What to produce:
Each entry needs to appear again, retyped exactly as it is below.

Data for this exercise:
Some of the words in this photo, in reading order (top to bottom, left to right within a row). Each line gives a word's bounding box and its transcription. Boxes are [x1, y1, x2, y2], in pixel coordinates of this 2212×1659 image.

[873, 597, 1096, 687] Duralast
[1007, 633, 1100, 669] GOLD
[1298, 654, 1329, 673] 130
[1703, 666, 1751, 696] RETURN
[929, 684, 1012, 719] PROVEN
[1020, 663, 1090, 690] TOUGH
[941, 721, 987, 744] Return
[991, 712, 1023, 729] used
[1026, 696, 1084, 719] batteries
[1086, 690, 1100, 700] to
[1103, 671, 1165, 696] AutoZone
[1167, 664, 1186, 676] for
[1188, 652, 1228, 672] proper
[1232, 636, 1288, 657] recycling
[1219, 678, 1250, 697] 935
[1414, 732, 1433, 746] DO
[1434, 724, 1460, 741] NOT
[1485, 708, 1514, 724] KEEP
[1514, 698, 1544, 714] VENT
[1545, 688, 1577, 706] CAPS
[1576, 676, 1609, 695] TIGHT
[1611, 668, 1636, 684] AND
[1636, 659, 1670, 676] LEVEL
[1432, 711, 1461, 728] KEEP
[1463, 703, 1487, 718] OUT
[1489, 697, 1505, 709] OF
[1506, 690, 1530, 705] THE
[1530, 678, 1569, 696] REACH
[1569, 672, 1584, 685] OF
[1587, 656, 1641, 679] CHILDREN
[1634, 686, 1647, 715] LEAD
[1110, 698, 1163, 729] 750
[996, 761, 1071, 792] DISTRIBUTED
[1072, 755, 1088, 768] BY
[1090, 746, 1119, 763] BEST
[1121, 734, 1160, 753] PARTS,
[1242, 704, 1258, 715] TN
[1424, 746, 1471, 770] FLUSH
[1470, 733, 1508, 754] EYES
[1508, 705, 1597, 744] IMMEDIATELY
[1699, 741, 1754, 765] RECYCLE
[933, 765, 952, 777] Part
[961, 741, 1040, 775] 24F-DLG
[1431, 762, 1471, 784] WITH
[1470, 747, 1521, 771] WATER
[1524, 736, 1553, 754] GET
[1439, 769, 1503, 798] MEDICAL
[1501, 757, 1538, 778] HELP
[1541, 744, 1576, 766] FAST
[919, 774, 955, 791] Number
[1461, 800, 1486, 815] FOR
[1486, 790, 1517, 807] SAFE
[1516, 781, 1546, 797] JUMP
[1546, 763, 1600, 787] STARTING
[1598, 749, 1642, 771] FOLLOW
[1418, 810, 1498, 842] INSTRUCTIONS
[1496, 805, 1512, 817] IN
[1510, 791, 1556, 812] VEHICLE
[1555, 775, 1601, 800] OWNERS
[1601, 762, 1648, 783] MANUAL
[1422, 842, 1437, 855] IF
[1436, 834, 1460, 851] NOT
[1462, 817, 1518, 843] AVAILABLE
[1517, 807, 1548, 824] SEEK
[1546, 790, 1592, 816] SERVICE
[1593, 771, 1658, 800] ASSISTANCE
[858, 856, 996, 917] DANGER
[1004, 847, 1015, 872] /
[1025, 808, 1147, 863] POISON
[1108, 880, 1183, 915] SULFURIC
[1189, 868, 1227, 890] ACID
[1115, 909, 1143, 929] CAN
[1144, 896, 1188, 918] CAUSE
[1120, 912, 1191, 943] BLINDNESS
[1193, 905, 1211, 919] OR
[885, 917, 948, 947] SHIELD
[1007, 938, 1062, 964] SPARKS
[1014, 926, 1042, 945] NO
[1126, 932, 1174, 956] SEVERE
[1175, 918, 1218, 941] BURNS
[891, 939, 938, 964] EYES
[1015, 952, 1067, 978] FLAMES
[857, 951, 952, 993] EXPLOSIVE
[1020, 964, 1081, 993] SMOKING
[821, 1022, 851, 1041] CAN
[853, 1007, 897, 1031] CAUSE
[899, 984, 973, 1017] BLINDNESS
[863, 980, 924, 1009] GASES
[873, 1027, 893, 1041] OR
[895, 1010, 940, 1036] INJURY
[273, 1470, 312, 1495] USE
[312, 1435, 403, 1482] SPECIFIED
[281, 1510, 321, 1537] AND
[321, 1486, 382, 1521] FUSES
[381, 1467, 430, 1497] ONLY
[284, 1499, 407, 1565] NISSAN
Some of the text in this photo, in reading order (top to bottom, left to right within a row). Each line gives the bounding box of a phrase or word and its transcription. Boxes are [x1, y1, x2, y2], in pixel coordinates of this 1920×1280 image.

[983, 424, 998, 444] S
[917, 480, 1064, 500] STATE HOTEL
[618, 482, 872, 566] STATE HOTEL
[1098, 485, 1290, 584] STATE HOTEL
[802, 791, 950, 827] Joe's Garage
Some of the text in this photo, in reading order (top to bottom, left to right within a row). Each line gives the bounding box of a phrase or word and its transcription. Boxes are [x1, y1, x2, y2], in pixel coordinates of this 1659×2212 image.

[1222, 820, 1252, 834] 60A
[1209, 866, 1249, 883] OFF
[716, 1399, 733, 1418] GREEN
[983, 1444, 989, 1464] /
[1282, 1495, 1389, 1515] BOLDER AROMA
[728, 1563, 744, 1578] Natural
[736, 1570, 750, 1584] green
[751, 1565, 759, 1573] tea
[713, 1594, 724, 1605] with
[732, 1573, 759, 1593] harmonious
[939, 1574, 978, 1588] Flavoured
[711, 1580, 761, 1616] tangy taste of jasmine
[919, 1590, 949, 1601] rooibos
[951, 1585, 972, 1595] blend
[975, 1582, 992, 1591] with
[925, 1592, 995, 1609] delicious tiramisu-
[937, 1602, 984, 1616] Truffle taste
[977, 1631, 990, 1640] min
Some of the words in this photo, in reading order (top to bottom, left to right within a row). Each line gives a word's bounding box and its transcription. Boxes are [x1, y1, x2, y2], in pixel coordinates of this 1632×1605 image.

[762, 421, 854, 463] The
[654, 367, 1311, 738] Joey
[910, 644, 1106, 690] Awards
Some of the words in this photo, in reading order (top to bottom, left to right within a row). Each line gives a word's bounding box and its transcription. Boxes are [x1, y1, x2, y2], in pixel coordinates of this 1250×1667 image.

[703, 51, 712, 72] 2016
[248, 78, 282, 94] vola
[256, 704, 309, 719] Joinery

Exercise answer:
Some of the words in this photo, in reading order (top to bottom, left to right within a row). Each line gives a word's bounding box and its transcription. Boxes are [x1, y1, x2, y2], in pixel coordinates of this 2212×1659 image.

[873, 597, 1096, 687] Duralast
[1007, 633, 1100, 669] GOLD
[1298, 654, 1329, 673] 130
[1703, 666, 1751, 696] RETURN
[929, 684, 1012, 719] PROVEN
[1020, 663, 1090, 690] TOUGH
[941, 721, 987, 744] Return
[991, 712, 1023, 729] used
[1026, 696, 1084, 719] batteries
[1086, 690, 1100, 700] to
[1103, 671, 1165, 696] AutoZone
[1167, 664, 1186, 676] for
[1188, 652, 1228, 672] proper
[1232, 636, 1288, 657] recycling
[1219, 678, 1250, 697] 935
[1414, 732, 1433, 746] DO
[1434, 724, 1460, 741] NOT
[1485, 708, 1514, 724] KEEP
[1514, 698, 1544, 714] VENT
[1545, 688, 1577, 706] CAPS
[1576, 676, 1609, 695] TIGHT
[1611, 668, 1636, 684] AND
[1636, 659, 1670, 676] LEVEL
[1432, 711, 1461, 728] KEEP
[1463, 703, 1487, 718] OUT
[1489, 697, 1505, 709] OF
[1506, 690, 1530, 705] THE
[1530, 678, 1569, 696] REACH
[1569, 672, 1584, 685] OF
[1587, 656, 1641, 679] CHILDREN
[1634, 686, 1647, 715] LEAD
[1110, 698, 1163, 729] 750
[996, 761, 1071, 792] DISTRIBUTED
[1072, 755, 1088, 768] BY
[1090, 746, 1119, 763] BEST
[1121, 734, 1160, 753] PARTS,
[1242, 704, 1258, 715] TN
[1424, 746, 1471, 770] FLUSH
[1470, 733, 1508, 754] EYES
[1508, 705, 1597, 744] IMMEDIATELY
[1699, 741, 1754, 765] RECYCLE
[933, 765, 952, 777] Part
[961, 741, 1040, 775] 24F-DLG
[1431, 762, 1471, 784] WITH
[1470, 747, 1521, 771] WATER
[1524, 736, 1553, 754] GET
[1439, 769, 1503, 798] MEDICAL
[1501, 757, 1538, 778] HELP
[1541, 744, 1576, 766] FAST
[919, 774, 955, 791] Number
[1461, 800, 1486, 815] FOR
[1486, 790, 1517, 807] SAFE
[1516, 781, 1546, 797] JUMP
[1546, 763, 1600, 787] STARTING
[1598, 749, 1642, 771] FOLLOW
[1418, 810, 1498, 842] INSTRUCTIONS
[1496, 805, 1512, 817] IN
[1510, 791, 1556, 812] VEHICLE
[1555, 775, 1601, 800] OWNERS
[1601, 762, 1648, 783] MANUAL
[1422, 842, 1437, 855] IF
[1436, 834, 1460, 851] NOT
[1462, 817, 1518, 843] AVAILABLE
[1517, 807, 1548, 824] SEEK
[1546, 790, 1592, 816] SERVICE
[1593, 771, 1658, 800] ASSISTANCE
[858, 856, 996, 917] DANGER
[1004, 847, 1015, 872] /
[1025, 808, 1147, 863] POISON
[1108, 880, 1183, 915] SULFURIC
[1189, 868, 1227, 890] ACID
[1115, 909, 1143, 929] CAN
[1144, 896, 1188, 918] CAUSE
[1120, 912, 1191, 943] BLINDNESS
[1193, 905, 1211, 919] OR
[885, 917, 948, 947] SHIELD
[1007, 938, 1062, 964] SPARKS
[1014, 926, 1042, 945] NO
[1126, 932, 1174, 956] SEVERE
[1175, 918, 1218, 941] BURNS
[891, 939, 938, 964] EYES
[1015, 952, 1067, 978] FLAMES
[857, 951, 952, 993] EXPLOSIVE
[1020, 964, 1081, 993] SMOKING
[821, 1022, 851, 1041] CAN
[853, 1007, 897, 1031] CAUSE
[899, 984, 973, 1017] BLINDNESS
[863, 980, 924, 1009] GASES
[873, 1027, 893, 1041] OR
[895, 1010, 940, 1036] INJURY
[273, 1470, 312, 1495] USE
[312, 1435, 403, 1482] SPECIFIED
[281, 1510, 321, 1537] AND
[321, 1486, 382, 1521] FUSES
[381, 1467, 430, 1497] ONLY
[284, 1499, 407, 1565] NISSAN
Some of the text in this photo, in reading order (top to bottom, left to right within a row). Each line gives the bounding box of a phrase or word and its transcription. Boxes are [x1, y1, x2, y2], in pixel coordinates of this 1920×1280 image.

[983, 424, 998, 444] S
[917, 480, 1064, 500] STATE HOTEL
[618, 482, 872, 566] STATE HOTEL
[1098, 485, 1290, 584] STATE HOTEL
[802, 791, 950, 827] Joe's Garage
Some of the text in this photo, in reading order (top to bottom, left to right within a row). Each line gives the bounding box of a phrase or word and its transcription. Boxes are [x1, y1, x2, y2], in pixel coordinates of this 1659×2212 image.

[1222, 820, 1252, 834] 60A
[1209, 866, 1249, 883] OFF
[716, 1399, 733, 1418] GREEN
[983, 1444, 989, 1464] /
[1282, 1495, 1389, 1515] BOLDER AROMA
[728, 1563, 744, 1578] Natural
[736, 1570, 750, 1584] green
[751, 1565, 759, 1573] tea
[713, 1594, 724, 1605] with
[732, 1573, 759, 1593] harmonious
[939, 1574, 978, 1588] Flavoured
[711, 1580, 761, 1616] tangy taste of jasmine
[919, 1590, 949, 1601] rooibos
[951, 1585, 972, 1595] blend
[975, 1582, 992, 1591] with
[925, 1592, 995, 1609] delicious tiramisu-
[937, 1602, 984, 1616] Truffle taste
[977, 1631, 990, 1640] min
Some of the words in this photo, in reading order (top to bottom, left to right within a row). Each line gives a word's bounding box and its transcription. Boxes are [x1, y1, x2, y2], in pixel coordinates of this 1632×1605 image.

[762, 421, 854, 463] The
[654, 367, 1311, 738] Joey
[910, 644, 1106, 690] Awards
Some of the words in this photo, in reading order (top to bottom, left to right within a row). Each line gives a word's bounding box and its transcription. Boxes are [x1, y1, x2, y2], in pixel coordinates of this 1250×1667 image.

[703, 51, 712, 72] 2016
[248, 78, 282, 94] vola
[256, 704, 309, 719] Joinery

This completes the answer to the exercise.